Quote:MangaDex, the online repository of manga animation comics, will be closed until further notice following a hacking incident.
 
Last week, the site reported that a cyberattacker had gained access to an administrative account, “through the reuse of a session token found in an old database leak through faulty configuration of session management.”
 
After remediating the issue by clearing all sessions globally, the site’s builders took a look at the code that runs MangaDex, trying to patch any vulnerabilities they came across as they went along. However, while the code review was ongoing, the same adversary was then able to access one of MangaDex’s developer accounts, stealing the site’s version-three source code. The attacker’s likely motivation was to cause “maximum disruption” to the site, according to MangaDex.
 
“While the attacker gained access to information not typically visible from the context of a normal user, we have not been able to confirm a full host compromised, or an up-to-date database breach,” the site announced. “As a user, we will encourage that you would assume that your data has been breached, and take precautions immediately, such as changing the passwords of any accounts that might share the same password as your MangaDex account.

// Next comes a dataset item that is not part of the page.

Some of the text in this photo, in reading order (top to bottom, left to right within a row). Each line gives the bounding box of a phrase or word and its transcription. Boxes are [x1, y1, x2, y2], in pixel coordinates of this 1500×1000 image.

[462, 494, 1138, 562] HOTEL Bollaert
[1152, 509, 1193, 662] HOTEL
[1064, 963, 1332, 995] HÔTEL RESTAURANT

As a generally good security practice, password managers are highly recommended to keep your online identity secure.”
 
The attacker also taunted the site’s operators with knowledge of security bugs in the codebase, which is the main reason that MangaDex went offline, it said.
 
“The attacker had updated the git repository containing the source-code leak, claiming that we had successfully patched two out of three possible CVEs,” according to a website notice posted on Sunday. “Without any way to confirm the claims, we assumed the worst-case scenario and kept the site down to further investigate.”